800-NOTÍCIAS DA GUERRA NA "VOZ DO BRASIL"-Autobiográfico
Os jornais de São Paulo chegavam a São Sebastião do Paraíso com um dia de atraso e os comentários dos velhos italianos na loja de Tio Gordo eram sobre acontecimentos de três ou quatro dias atrás, e por vezes, até de uma semana passada. Uma confusão de noticias que podia colocar, por exemplo, a vitórias de Monte Castelo, pelo exercito brasileiro, atrás de fatos ocorridos posteriormente.
Mesmo escutando com os ouvidos bem abertos e com a curiosidade de um garoto de seis anos, não entendia muita coisa. Mas eu continuava lá, num canto da loja, onde não me viam, pois os nonni não gostavam de crianças no meio deles.
Meu pai, por sua vez, não lia jornais, mas uma vez por semana, nas noites de sábados, visitava o “compadre” Nicola para ouvir as noticias de rádio pela Voz do Brasil.
Programa oficial do governo, transmitia de sete às oito horas da noite noticias mais recentes, muitas vezes mal compreendidas devido à forte estática. Mamãe, eu e Artur, meu irmão de quatro anos íamos com papai.
Seu Nicola Novelino era ferreiro (hoje se diz serralheiro) e tinha oficina anexa à sua casa, na Mocoquinha. Baixo, magro, sofria de asma, tinha as faces encovadas e olhos fundos. Nunca o vi alegre, rindo ou sequer sorrindo. Para mim era de uma feiura impressionante. (Hoje, ao lembrar seu rosto, associo-o com fotos de Edgar Allan Poe no final de sua vida atribulada).
Era proprietário do único rádio no bairro.
Dona Mariucha, a “comadre Mariucha” era uma senhora gorda, como, aliás, todas as italianas daquela época. Bochechas redondas e boca minúscula faziam sua cara parecer uma lua cheia. Olhos espertos, que dirigia para todos, principalmente para mim e meu irmão.
Assim que chegávamos, ela fechava as janelas da sala de visitas, que abriam diretamente para a rua.
— Não gosto de estranhos ouvindo nossa conversa, dizia.
Ainda penso que era preocupação ou receio. Todos os imigrantes tinham medo do famigerado DIP – Departamento de Imprensa e Propaganda – criado no governo de Getúlio Vargas como polícia secreta, a exemplo das organizações de Hitler, Mussolini e Stalin.

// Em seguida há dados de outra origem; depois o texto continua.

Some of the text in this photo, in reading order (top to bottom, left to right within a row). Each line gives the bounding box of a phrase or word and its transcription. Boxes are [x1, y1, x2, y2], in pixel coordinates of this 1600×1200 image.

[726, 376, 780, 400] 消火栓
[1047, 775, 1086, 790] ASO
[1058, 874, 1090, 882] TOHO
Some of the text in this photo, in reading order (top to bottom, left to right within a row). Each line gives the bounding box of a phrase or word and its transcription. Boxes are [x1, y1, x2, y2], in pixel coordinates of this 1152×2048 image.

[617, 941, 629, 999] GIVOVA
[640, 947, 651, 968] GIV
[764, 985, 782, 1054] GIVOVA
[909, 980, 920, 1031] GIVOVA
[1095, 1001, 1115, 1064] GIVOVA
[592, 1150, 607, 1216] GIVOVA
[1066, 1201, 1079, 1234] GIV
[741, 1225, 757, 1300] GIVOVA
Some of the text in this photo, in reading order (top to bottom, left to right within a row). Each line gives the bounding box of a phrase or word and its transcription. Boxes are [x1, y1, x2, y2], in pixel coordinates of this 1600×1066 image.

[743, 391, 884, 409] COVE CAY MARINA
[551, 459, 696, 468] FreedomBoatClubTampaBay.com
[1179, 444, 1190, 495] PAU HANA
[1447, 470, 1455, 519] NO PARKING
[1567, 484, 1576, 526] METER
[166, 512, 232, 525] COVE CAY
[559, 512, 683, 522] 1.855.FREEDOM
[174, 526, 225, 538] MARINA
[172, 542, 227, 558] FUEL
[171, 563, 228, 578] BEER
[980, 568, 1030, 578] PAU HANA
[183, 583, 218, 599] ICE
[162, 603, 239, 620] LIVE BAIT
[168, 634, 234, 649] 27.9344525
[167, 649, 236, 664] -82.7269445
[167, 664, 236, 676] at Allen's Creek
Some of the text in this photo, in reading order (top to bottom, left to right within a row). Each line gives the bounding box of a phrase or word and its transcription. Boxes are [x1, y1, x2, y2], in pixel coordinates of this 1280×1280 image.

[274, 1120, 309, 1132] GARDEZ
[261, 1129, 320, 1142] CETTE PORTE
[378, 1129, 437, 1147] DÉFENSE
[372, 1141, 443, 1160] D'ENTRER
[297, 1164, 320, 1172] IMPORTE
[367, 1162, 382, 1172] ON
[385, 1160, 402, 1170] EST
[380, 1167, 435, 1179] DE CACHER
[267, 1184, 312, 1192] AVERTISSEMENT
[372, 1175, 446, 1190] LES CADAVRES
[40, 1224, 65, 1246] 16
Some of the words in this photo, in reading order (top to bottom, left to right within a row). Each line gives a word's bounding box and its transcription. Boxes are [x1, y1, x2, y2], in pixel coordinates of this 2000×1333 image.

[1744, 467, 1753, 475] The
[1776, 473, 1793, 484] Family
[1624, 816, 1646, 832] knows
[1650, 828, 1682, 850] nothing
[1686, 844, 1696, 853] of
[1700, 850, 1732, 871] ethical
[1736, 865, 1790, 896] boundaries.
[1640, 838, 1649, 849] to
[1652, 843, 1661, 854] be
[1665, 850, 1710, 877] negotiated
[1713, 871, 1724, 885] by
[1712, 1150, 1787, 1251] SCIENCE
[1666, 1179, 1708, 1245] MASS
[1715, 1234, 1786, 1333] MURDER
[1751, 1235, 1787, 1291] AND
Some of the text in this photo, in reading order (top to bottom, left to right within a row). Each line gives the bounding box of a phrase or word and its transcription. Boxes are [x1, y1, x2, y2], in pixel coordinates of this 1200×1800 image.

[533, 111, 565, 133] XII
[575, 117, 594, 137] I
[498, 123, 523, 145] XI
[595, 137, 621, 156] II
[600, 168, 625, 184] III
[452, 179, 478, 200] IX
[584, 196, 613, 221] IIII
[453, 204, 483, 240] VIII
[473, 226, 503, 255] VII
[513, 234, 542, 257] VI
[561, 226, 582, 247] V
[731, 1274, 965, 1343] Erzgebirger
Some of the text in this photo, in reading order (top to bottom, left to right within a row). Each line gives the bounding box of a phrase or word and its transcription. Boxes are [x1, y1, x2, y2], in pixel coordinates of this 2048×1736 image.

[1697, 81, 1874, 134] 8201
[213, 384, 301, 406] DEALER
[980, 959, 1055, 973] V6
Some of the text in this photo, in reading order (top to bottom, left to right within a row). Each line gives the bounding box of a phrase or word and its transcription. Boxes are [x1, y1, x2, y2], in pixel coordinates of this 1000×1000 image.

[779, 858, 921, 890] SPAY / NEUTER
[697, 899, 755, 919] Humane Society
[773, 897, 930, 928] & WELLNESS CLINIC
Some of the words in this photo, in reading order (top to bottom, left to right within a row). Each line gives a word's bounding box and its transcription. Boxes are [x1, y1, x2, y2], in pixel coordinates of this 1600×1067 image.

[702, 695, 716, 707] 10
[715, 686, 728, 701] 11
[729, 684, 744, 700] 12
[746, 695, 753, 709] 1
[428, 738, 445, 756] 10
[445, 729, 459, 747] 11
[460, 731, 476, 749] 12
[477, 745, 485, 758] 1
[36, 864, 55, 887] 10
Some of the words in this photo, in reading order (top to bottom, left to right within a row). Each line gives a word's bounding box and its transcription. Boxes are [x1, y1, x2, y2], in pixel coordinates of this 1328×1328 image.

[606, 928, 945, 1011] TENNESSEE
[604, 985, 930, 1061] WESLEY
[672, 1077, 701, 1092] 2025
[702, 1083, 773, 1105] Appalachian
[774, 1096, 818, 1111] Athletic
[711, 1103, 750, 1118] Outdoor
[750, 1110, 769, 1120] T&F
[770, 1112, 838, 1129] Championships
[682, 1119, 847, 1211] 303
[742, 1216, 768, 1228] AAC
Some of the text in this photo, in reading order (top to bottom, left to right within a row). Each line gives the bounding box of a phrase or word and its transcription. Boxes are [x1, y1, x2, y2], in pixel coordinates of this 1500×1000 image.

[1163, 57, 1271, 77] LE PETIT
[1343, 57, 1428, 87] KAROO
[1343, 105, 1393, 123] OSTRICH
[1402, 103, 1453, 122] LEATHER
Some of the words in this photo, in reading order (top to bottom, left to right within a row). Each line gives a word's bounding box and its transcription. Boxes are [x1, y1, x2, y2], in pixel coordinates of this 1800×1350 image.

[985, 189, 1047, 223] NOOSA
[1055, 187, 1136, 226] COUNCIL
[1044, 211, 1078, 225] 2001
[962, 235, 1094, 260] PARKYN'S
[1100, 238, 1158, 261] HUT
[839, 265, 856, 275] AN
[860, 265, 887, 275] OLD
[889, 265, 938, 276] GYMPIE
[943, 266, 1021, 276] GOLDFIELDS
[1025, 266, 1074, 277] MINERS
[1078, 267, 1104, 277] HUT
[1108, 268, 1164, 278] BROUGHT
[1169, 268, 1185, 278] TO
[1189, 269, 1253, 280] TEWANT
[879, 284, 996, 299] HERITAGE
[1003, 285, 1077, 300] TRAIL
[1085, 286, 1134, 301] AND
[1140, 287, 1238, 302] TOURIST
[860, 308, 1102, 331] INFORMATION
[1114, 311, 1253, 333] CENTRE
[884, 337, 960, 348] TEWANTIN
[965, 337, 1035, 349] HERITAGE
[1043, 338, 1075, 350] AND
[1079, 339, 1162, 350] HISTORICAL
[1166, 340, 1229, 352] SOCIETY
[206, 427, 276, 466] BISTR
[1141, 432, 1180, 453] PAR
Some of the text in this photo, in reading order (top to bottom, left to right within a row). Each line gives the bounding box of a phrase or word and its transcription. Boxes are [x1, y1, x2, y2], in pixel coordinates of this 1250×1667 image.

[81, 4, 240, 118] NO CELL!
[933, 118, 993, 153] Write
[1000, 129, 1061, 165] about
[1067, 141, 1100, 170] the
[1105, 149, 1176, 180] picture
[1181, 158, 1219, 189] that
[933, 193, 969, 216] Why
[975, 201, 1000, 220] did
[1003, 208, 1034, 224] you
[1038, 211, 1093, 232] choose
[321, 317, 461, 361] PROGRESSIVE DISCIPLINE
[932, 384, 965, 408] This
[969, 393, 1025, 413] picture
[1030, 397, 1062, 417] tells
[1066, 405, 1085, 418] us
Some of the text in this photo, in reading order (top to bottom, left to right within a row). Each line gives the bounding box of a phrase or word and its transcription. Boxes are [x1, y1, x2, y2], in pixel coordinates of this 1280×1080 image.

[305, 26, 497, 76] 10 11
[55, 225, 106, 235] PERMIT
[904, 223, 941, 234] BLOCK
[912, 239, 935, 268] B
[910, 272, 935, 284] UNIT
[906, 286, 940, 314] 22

Claro que ouvir o programa “A Voz do Brasil” não era nada de ilegal, mas como diziam, é piu fácile prevenire che rimediare (e´ mais fácil prevenir que remediar).
Era ela quem dispunha as desconfortáveis cadeiras e poltronas de palhinha, de modo que eu e meu irmão pudéssemos dar nossos cochilos, sem cair. Compadre Nicola e papai sentavam-se próximos ao aparelho, as cabeças abaixadas, quase se tocando, a atenção exclusiva para vozes e chiados. Mais chiados do que vozes.
Na sequência das notícias as da guerra vinham em primeiro lugar; quando a transmissão passava para outras notícias o rádio era desligado e os dois começavam a comentar o que tinham ouvido.
Então comadre Mariucha vinha da cozinha com uma bacia de pipocas numa mão e uma bandeja com bule de café e xícaras. Era incrível como ela conseguia trazer tudo de uma só vez, com suas mãos gordas e de dedos curtos.
Desconfortavelmente sentados nas cadeiras, eu e Arthur cochilávamos durante o noticiário. Mamãe nos cutucava quando chegavam pipoca e café.
Então, a conversa era geral entre os adultos enquanto eu e meu irmão megulhávamos as pipocas no café.
Pouco tempo depois, isto é, pelas nove horas, terminava a visita. A gorda comadre fazia questão de nos abraçar com vigor e a gente quase sumia entre seus braços gordos, seios e barriga.
No caminho de volta, havia um prêmio para todos: a passagem na Padaria da Leta, onde papai comprava pedaços de cocada e pães para o dia seguinte.
E lá íamos nós, rua afora, na tranquilidade da noite, comendo doces e chutando pedras na rua sem calçamento.
ANTONIO ROQUE GOBBO
Belo Horizonte, 13 de agosto de 2013.